Having plenty of time to myself, I set up a thermal camera to capture a thermal image of my face at various times throughout the day to capture the natural variation in body temperature (no fever, per se, but my daily oral temperature measurements range from 35.6 to 36.9C). Here is a sample image, outlining the typical regions of skin surface measured:
It got too scary the longer I was in lockdown as my hair grew too long and disheveled, so I ceased the experiment after only a short period.
But the results (next 3 graphs) below show how poorly forehead assesses normal oral temperature, and even how maximum eye temperature is ~1C cooler than oral temperature and influenced by nearby ambient conditions (my garage was cold back in April so I set up there for a few measurements).
Conclusions: Ignoring the N=1 subject (due to the pandemic this seems justified), forehead is a poor measure of oral temperature (3.85C too low), maximum eye temperature a bit better (but still 1C too low and affected by air temperature), while simply pointing the camera in your mouth and getting maximum temperature yields a temperature ~0.5C higher than an oral thermometer.
So, why if you look at any images of companies and airports doing fever scanning they point devices at people’s foreheads or relying on a single pixel value from possibly the eye region?
The simple answer is that it is easy to do, but from a target accuracy perspective, it is terrible, especially if low accuracy devices are being employed inappropriately. In the one image above, the device is pointing at someone’s hair, which shields the skin and thus produces a cooler value. Cooler values will not trigger a fever detection even if it is there!
So, wherefore is the future of fever scanning? Intuitively, it seems it should work, but are we measuring the wrong thing? Why don’t we measure inside the mouth where normal oral thermometers do? At least this is better than crappy forehead measurements. Is this a privacy issue? Is it feasible to do in rapid scanning processes? Will it be feasible if we are all wearing masks?
I am not the first to write on this. This blog project was mostly a distraction in the early days of lockdown to keep my mind off the situation.
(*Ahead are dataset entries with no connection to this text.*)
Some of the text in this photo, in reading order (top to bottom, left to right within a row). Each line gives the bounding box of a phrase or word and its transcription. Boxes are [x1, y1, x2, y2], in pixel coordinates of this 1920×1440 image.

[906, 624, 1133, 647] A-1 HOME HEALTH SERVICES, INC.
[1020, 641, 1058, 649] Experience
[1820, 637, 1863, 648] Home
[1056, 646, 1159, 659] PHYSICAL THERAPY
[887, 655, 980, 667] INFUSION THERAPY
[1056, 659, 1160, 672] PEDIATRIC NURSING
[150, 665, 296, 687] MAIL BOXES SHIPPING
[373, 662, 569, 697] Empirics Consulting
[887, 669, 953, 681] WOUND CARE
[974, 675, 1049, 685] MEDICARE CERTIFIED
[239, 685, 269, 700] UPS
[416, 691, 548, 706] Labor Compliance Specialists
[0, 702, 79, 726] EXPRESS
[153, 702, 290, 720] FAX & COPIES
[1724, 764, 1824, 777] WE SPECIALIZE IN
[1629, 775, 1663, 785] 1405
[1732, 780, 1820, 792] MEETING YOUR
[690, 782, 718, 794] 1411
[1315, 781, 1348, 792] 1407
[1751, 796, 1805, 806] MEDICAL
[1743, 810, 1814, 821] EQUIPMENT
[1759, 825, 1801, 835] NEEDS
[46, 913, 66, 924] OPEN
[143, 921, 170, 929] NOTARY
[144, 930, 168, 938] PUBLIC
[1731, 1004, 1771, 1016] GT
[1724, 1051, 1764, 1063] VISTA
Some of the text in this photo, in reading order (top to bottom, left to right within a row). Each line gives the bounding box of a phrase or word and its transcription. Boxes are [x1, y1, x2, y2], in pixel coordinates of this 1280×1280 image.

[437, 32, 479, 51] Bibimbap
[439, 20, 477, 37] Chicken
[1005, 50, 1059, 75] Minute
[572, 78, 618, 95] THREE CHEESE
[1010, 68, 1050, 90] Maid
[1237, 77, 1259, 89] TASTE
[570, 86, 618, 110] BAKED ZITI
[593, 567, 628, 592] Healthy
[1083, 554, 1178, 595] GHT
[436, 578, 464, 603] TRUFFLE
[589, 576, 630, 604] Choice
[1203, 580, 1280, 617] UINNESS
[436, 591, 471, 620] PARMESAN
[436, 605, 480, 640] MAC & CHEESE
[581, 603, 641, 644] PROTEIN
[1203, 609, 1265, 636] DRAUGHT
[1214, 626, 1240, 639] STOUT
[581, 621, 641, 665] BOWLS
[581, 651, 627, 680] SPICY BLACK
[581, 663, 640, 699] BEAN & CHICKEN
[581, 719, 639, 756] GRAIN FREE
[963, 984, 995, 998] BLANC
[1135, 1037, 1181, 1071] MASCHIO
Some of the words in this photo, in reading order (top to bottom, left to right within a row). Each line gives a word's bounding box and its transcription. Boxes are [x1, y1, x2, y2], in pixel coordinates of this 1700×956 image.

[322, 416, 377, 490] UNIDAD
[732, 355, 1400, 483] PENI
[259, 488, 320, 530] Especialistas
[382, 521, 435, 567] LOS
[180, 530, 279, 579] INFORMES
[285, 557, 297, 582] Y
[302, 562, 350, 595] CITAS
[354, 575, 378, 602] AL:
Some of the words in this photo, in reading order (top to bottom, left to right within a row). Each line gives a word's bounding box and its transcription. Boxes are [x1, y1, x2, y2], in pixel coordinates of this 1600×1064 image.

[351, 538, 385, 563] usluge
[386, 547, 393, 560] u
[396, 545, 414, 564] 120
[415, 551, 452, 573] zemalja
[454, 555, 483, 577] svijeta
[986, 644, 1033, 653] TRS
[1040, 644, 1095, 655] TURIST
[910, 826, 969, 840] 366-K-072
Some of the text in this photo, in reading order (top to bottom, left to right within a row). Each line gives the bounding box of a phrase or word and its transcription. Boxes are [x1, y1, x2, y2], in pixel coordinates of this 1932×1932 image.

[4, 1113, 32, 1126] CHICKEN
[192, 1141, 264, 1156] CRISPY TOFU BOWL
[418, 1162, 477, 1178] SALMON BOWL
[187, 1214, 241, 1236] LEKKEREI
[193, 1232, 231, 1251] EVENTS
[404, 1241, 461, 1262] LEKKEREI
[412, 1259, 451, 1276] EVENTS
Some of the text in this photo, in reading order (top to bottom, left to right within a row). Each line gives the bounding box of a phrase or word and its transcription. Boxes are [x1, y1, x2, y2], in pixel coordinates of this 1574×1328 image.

I attach a few key articles and opinion pieces on the subject below that have commented more clearly on the connection (or lack) between fever and infection and why fever screening is not a panacea.
Links to further reading:
Scientific studies demonstrating reasonable predictive power for fever scanning:
Other articles discussing why using fever scanning does not equate to infection and misses asymptomatic cases of COVID19:
WHO Recommendations on temperature screening:
Idea for a Review Paper Anyone?
I think this situation really needs another look by the physiology community. My anecdote here is simply based on self reflection/measurement but also based on years of experience with thermal imaging.
The first rule of thermal imaging in biological systems: “Surface Temperature is not equal to Core Temperature.” We can’t forget that. If you want to use surface temperature, you have to do a lot of calibration checks or have very good control over your subject.
In case a grad student locked down at home wants a writing project, here are a few key points that I know should impact the predictive power of max surface temperature measurements in the context of rapid fever scanning in public places:
- Air temperature near skin
- Air flow (convective heat exchange) over skin
- Blood flow relationship with the skin surface
- Camera user skills and training
- Quality and accuracy of the thermal scanner (some scanners I see people using have accuracies of +-2 to 4C).
- Pre-symptomatic people lack fever
- Masking of fever with antipyretic drugs undetected by scanning
- What is the precise correspondence of eye canthus temperature with core temperature measurement?